Ahhh... but I didn't say that the first couple tasted good. I just said that I usually can only taste the first one or two. I think it's semantics, but I believe we're thinking along the same lines.
Cheers!
Someone on here talked about Yuengling. I second that, its a pretty good beer.
Or Corona
Krusovice is the best [to my taste] stuff that I have ever tried. A few years ago I went to a photographic vacation in Prague. Photography [of which there was a lot] was interspersed with beer tastings [of which there was also a lot]. Czech darks - Krusovice, Tr[z]ebon Regent - I found even better than their regular beers.
But the corn doesn't detract from the flavor the way rice does. What I mean is, rice seems to be neutral or negative, flavorwise, whereas corn can tend to be a neutral to small positive.
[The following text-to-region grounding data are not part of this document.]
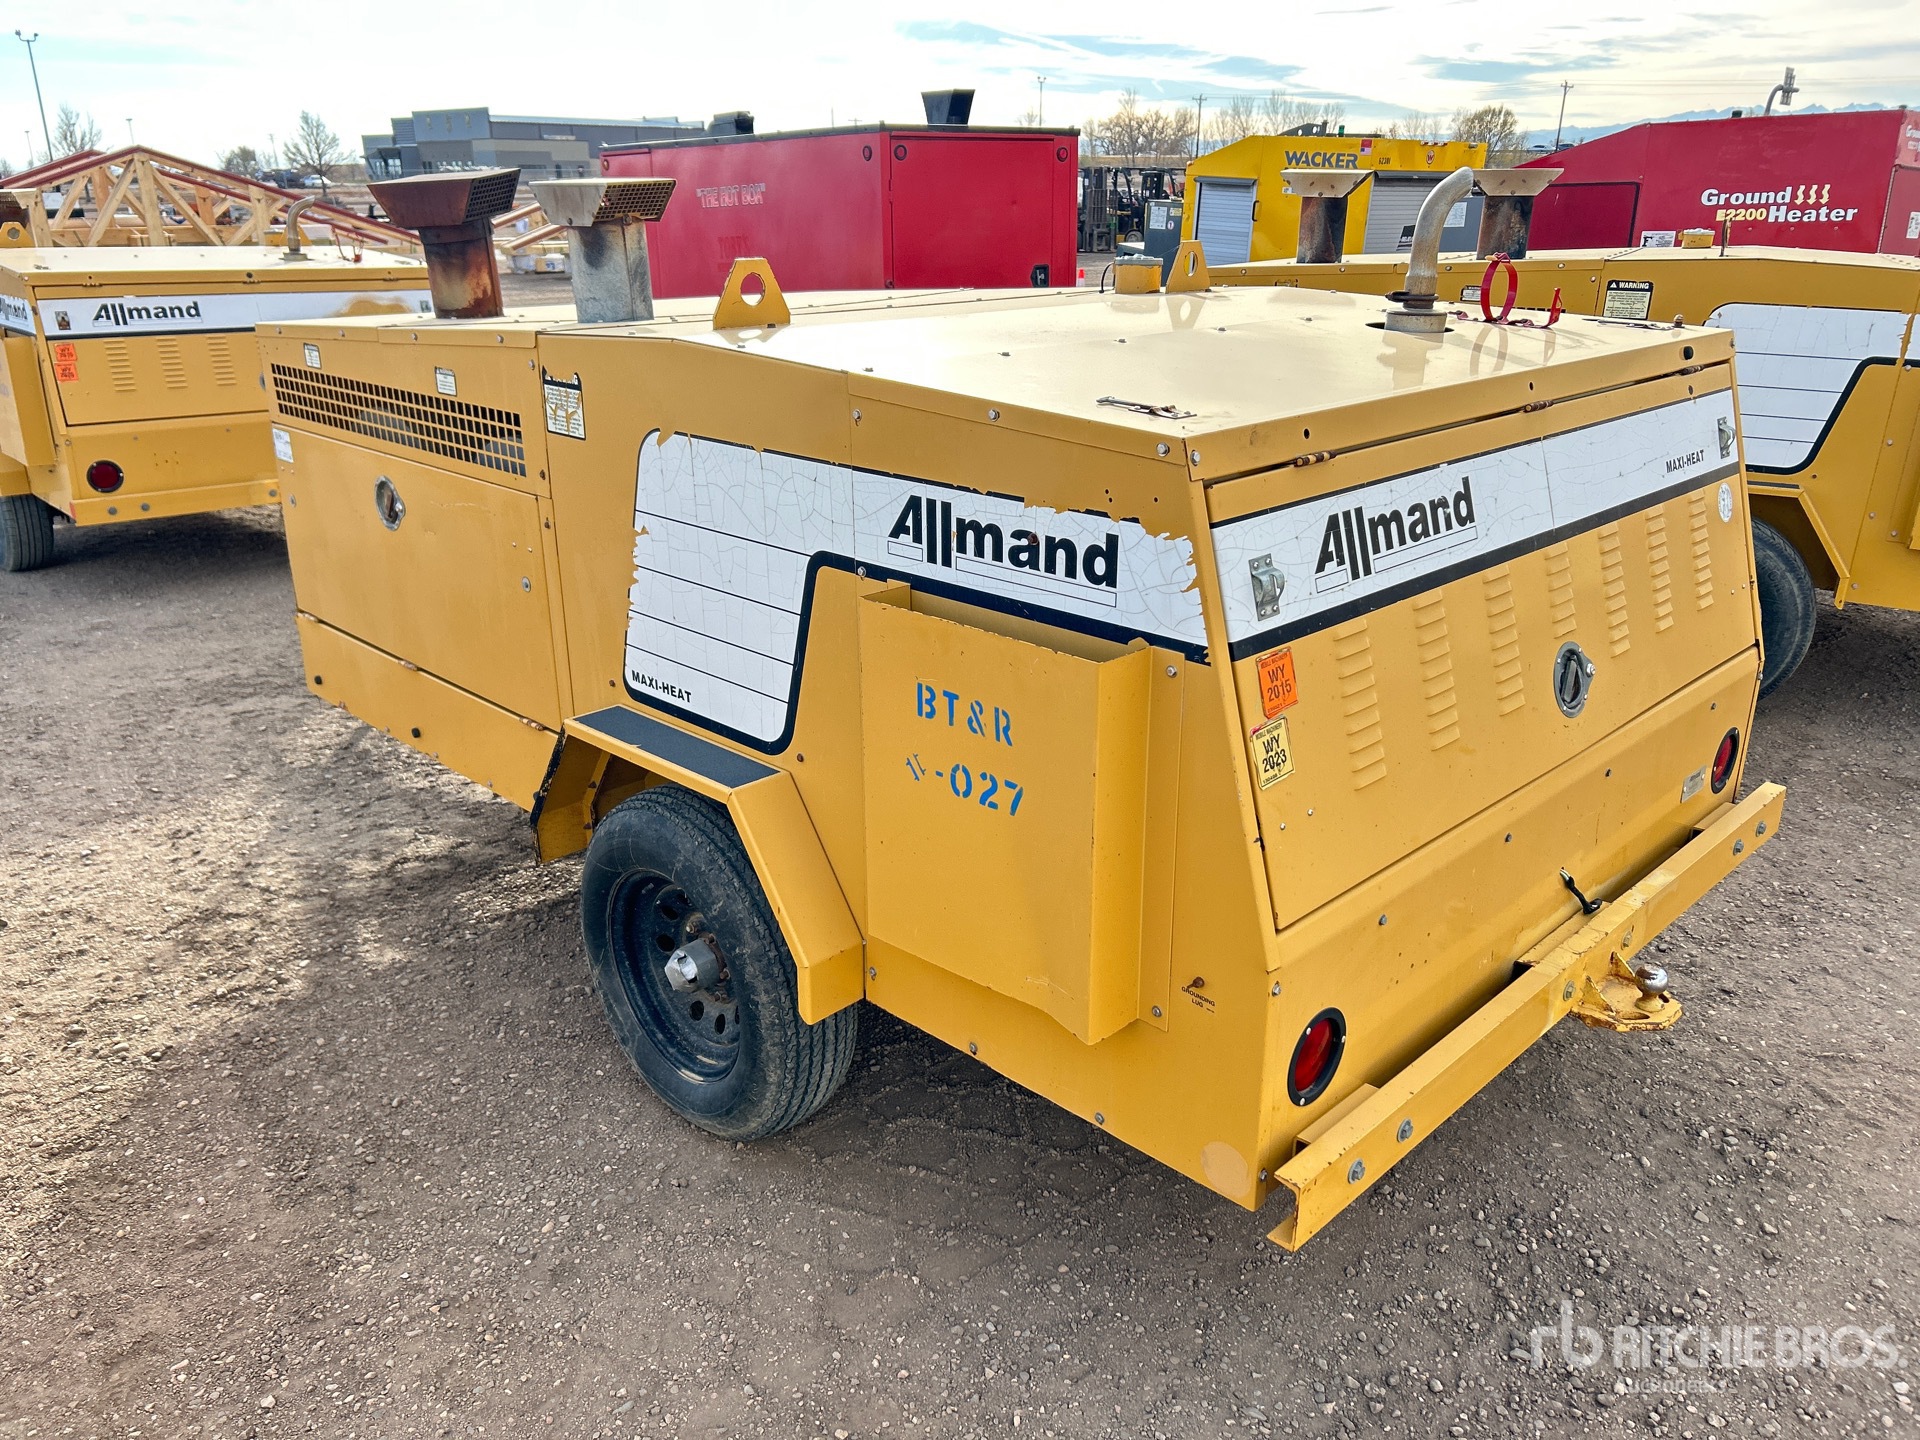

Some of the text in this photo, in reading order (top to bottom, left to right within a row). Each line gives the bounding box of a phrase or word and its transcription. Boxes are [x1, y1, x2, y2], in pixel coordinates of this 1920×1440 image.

[1285, 151, 1358, 169] WACKER
[1701, 187, 1792, 206] Ground
[1715, 206, 1858, 222] E2200 Heater
[1619, 281, 1649, 290] WARNING
[92, 301, 201, 326] Allmand
[1665, 449, 1704, 474] MAXI-HEAT
[1315, 476, 1475, 581] Allmand
[888, 494, 1119, 589] Allmand
[1267, 663, 1285, 683] WY
[632, 669, 691, 703] MAXI-HEAT
[1267, 679, 1292, 702] 2015
[1262, 733, 1280, 755] WY
[1262, 748, 1287, 774] 2023
[1182, 986, 1216, 1007] GROUNDING
[1191, 998, 1204, 1008] LUG
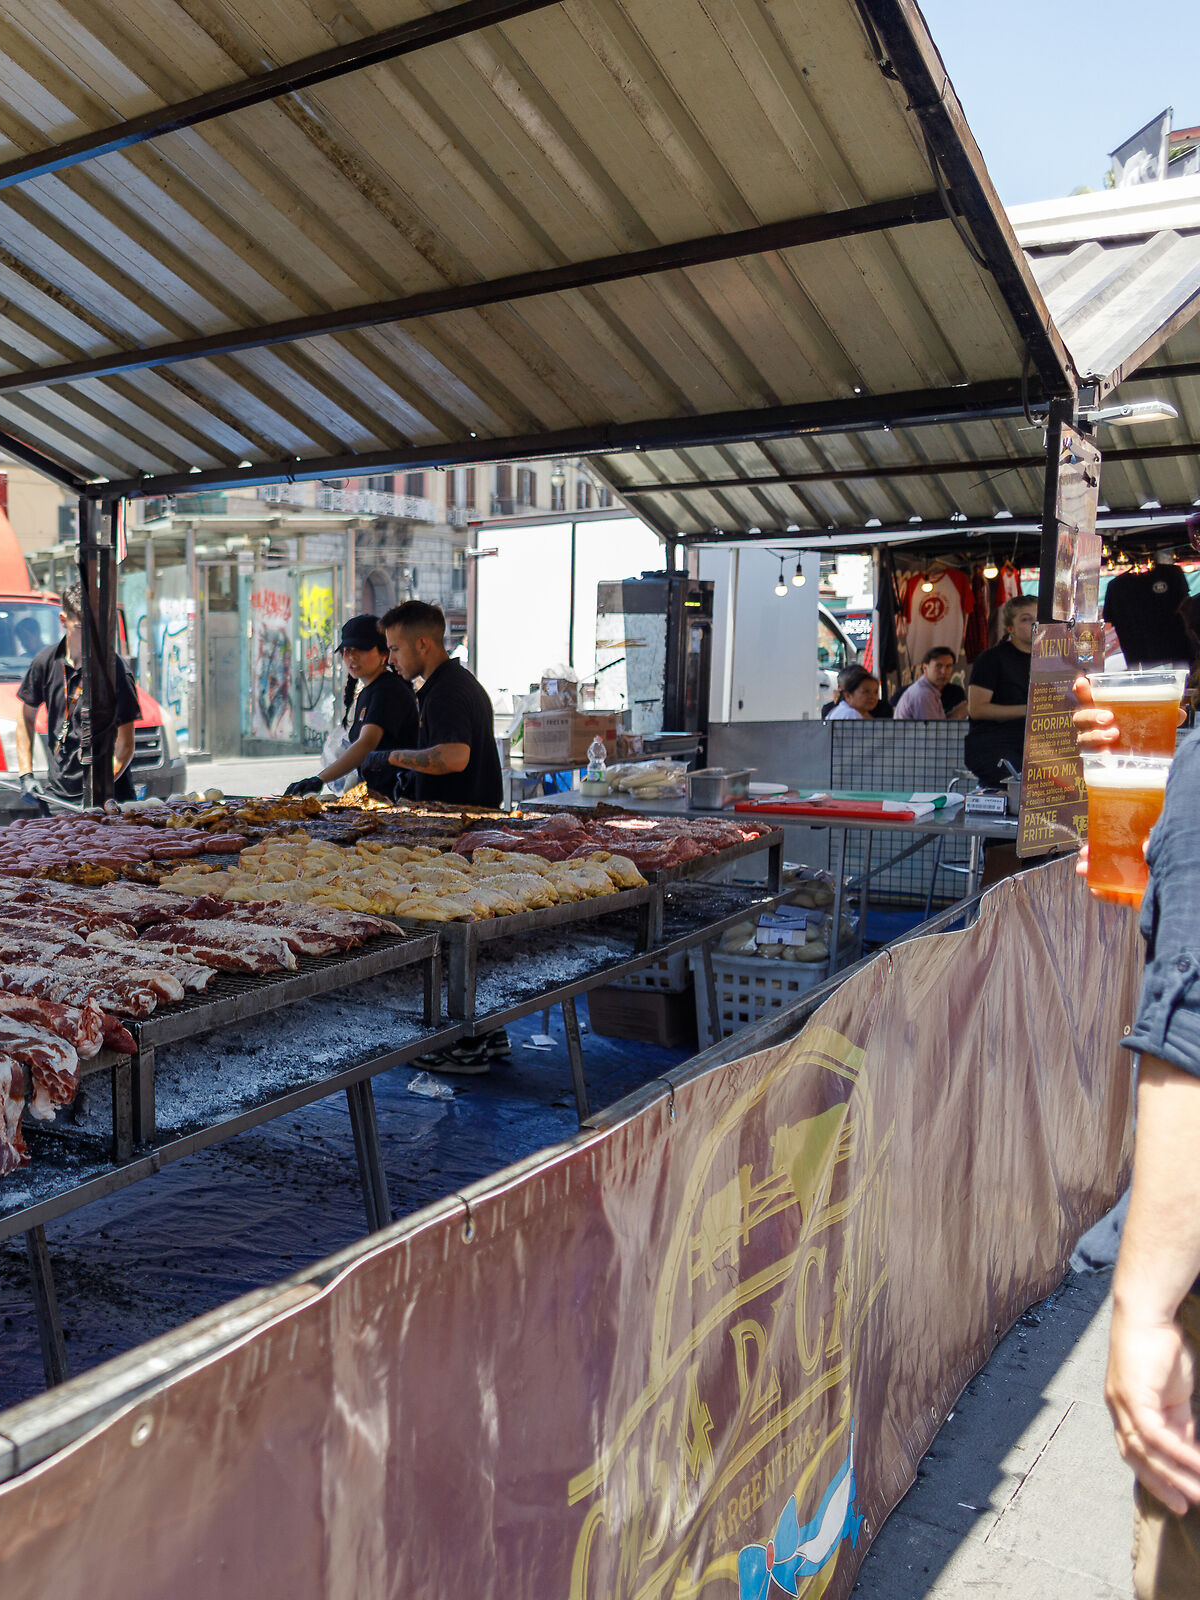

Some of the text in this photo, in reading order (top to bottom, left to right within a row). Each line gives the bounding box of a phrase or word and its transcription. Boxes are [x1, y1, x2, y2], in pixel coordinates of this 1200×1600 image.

And the exception to that is Miller Genuine Draft, which to my palate seems like the juice from a can of Niblets.
Old Ted Hawkins did one of the best versions of "There Stands the Glass" I have ever heard. What a wail.
We used to drink Old Spil in the fraternity, a decision based entirely on price.
I have blind "taste tested" Old Milwaukee Light against all the popular light beers at the club with guys that only drink Bud, Miller, and all the rest.
They all choose Old Milwaukee Light as the best if they can't see the can first.
I do remember the TZ episode. The only other thing I've seen Hopper in was Easy Rider, at least for the 30 minutes I saw of it.
I'm so pissed at Miller I will never buy their beer again. They bought the Olympia Brewery, then promptly closed it down. grrrrrr
Well, its somehow revived itself and is getting popualr agian.
Drink it fast......... it goes flat faster than a crumby rimmed tire after making contact with a sharp cobblestoned curb in Squirrel Hill.
Happy anniversary (in days).
There are not many regionals still alive and kicking. Rolling Rock is the latest casualty.
My buddy who went to college back east said that Falstaff was atrocious, but was cheap.
I get it.
You got a bad one, or a bad case, or something.
That's not normal behavior for Straub.